Kate wandered into the kitchen, her hair a little matted. "How'd you sleep?" she asked.

"Like the dead," I answered. "Oh, shit. I'm sorry. Like a rock. Very  well. I slept well." I closed my eyes for a second. "How about you?"

"Not bad," she lied. The shadows under her eyes told the true story.

"I have to get to work. Jonathan's really anal about us showing up on time."

"Okay. Have a good day," she said.

"Can I do anything for you while I'm out?"

"No, no, I'm fine." She rubbed her eyes. "I have to go to the studio and return some phone calls and stuff."

"Good, good," I said. "Tell Max I said hi." Once upon a time, I had a huge crush on Max and his whisper-scary voice.

"Will do. And, Ainsley...you know, stay here as long as you want. Even  if Eric comes crawling back-as he should-you're welcome to have a little  breathing room here. But I don't need you to stay, either. I mean, just  do what you want. You're welcome here." Grief and exhaustion had  softened her a little; she was usually a lot more brisk where I was  concerned.

"Thanks, Kate. And hey," I added, "remember that, uh, that grief group I  found? It meets tonight. Maybe, if you don't want to go alone, I could  go with you the first time. Or something. If you want."

She nodded. "Yeah, that might be...good." Her mind was already  wandering. I wanted to hug her, but I always felt a bit like an ass,  hugging my ultracool sister (half sister, I could hear Candy saying).

I went out to my car, breathing in the sweet springtime smells from the  gorgeous flowers and trees of the landscaping. The exterior of the house  was just as sleek and fabulous as the inside. A sweep of grape hyacinth  grew along the steps and four flowering pear trees marked the curve of  the driveway.

I wasn't sure I was doing Kate any good by being there.

Then again, I wasn't sure where else to go. Candy and Dad's-no. Candy  would let me stay, of course, but I couldn't bear to be another nail in  her crucifixion. Plus, I didn't want her and Dad to think badly of Eric,  because once we got back together, it would be awkward.
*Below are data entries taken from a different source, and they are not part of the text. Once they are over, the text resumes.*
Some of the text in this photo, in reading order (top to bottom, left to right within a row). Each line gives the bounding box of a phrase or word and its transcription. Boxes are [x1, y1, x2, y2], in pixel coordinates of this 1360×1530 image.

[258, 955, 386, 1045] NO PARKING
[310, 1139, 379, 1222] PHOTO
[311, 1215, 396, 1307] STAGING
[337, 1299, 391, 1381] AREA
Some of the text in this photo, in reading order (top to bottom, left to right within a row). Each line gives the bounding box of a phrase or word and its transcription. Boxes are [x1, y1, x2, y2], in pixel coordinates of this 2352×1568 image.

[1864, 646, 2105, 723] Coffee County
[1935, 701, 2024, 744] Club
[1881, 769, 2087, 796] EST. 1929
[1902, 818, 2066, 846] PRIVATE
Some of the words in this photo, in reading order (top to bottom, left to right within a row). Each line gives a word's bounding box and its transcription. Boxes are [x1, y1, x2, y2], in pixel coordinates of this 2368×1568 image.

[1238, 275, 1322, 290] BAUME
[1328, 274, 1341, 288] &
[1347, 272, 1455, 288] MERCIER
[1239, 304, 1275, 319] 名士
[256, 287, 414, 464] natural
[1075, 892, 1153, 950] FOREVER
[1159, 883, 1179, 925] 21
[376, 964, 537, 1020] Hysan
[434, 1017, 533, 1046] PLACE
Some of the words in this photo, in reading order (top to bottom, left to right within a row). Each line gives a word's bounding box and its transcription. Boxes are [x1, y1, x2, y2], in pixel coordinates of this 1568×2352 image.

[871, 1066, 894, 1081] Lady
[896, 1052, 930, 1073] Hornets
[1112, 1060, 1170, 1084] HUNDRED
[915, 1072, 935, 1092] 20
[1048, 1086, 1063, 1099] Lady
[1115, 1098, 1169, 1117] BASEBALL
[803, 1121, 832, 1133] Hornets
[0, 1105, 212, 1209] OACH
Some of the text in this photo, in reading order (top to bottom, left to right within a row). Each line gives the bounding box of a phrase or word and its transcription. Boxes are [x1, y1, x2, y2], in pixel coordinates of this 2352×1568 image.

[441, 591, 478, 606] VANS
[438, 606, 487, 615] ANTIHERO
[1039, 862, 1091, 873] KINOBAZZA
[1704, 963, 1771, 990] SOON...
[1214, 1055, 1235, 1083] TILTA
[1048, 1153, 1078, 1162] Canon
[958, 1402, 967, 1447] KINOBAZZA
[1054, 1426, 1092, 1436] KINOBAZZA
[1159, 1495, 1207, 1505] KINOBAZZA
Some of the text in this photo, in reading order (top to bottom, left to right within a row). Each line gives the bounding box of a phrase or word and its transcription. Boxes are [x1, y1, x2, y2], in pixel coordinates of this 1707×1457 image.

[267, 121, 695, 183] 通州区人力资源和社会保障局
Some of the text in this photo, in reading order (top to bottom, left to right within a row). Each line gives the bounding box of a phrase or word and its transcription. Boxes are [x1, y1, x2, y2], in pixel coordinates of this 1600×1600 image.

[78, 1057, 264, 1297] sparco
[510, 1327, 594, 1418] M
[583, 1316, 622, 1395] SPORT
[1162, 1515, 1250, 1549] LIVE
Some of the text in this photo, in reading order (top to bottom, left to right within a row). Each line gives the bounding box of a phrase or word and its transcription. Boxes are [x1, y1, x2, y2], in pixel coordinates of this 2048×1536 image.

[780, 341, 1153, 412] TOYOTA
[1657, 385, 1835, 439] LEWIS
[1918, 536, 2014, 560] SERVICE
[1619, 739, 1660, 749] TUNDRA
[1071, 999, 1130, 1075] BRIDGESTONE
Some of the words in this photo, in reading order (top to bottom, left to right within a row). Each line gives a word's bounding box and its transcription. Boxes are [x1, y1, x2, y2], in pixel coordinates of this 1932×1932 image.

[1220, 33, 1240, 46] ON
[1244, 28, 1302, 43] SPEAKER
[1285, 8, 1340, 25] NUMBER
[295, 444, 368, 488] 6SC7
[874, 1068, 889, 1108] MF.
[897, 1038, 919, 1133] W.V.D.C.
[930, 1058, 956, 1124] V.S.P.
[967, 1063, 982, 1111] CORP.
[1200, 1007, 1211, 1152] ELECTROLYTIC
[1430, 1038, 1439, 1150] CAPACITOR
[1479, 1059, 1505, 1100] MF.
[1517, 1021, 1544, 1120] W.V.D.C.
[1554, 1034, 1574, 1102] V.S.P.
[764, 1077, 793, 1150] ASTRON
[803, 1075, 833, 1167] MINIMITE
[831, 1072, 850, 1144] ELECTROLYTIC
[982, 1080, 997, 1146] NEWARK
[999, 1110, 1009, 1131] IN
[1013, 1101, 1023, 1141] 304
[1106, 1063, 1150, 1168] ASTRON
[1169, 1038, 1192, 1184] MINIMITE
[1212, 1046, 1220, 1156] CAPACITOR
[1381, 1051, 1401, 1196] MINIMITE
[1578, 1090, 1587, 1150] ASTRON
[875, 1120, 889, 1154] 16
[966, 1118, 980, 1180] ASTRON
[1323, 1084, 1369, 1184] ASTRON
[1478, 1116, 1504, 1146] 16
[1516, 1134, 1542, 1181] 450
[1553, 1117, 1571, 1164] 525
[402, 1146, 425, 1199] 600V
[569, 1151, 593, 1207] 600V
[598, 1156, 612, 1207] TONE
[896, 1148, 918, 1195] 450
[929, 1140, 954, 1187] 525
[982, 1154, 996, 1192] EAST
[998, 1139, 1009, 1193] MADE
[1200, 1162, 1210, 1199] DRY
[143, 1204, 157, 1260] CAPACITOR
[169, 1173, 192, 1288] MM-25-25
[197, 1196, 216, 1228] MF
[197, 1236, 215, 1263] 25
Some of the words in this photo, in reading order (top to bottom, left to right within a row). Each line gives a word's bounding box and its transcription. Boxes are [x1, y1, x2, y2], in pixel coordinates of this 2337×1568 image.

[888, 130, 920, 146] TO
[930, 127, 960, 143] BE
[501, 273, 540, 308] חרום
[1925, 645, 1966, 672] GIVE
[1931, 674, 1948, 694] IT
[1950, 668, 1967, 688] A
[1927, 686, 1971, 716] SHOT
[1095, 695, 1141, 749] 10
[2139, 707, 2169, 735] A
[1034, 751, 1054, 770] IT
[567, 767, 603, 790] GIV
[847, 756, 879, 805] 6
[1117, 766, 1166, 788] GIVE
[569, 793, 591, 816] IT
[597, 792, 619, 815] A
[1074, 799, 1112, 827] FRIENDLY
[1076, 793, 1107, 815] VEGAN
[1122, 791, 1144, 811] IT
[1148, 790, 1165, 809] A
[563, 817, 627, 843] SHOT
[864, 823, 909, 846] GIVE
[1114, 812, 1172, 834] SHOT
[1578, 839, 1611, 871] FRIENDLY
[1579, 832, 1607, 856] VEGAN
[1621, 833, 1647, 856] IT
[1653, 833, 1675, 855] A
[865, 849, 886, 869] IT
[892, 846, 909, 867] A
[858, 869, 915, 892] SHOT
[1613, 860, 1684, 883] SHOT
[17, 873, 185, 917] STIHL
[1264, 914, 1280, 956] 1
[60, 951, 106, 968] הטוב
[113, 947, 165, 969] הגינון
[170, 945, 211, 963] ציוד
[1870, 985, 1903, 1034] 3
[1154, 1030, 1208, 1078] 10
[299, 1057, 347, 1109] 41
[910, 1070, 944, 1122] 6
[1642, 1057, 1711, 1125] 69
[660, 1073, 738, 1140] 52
Same with a friend's place. So it was Kate's, or Gram-Gram's. Despite  not being my biological grandmother, Gram-Gram adored me. And speaking  of the sweet old lady, I hit her name on my phone. "Hi, Gram-Gram!"         

     



 

"Is this Ainsley? Hello? The name says Ainsley on the phone. Is that you, honey?"

"It is! Hi, Gram-Gram!"

"How are you, sweetheart? Are you married yet?"

"Nope, not married. Just calling to say hi."

"Oh, dear. Was it your husband who died?"

"That was Kate, I'm afraid. Remember? Nathan was her husband."

She sighed. "That's so sad. Do you think she wants to be fixed up? I know a nice young man."

"It might be a little soon."

"How about you? Would you like to meet someone?"

"No, not right now. I'm on my way to work, Gram-Gram. I just wanted to say hi, and I love you."

"Aren't you sweet! Thank you, darling! You made an old woman's day! Oh, I  wanted to tell you something! Last night, I heard a noise! And you know  I live here by myself, of course."

Not exactly. She'd recently moved to a swanky senior housing  development, the same one where I brought Ollie once a week. She had her  own apartment, but it was in a giant building with about three hundred  other residents.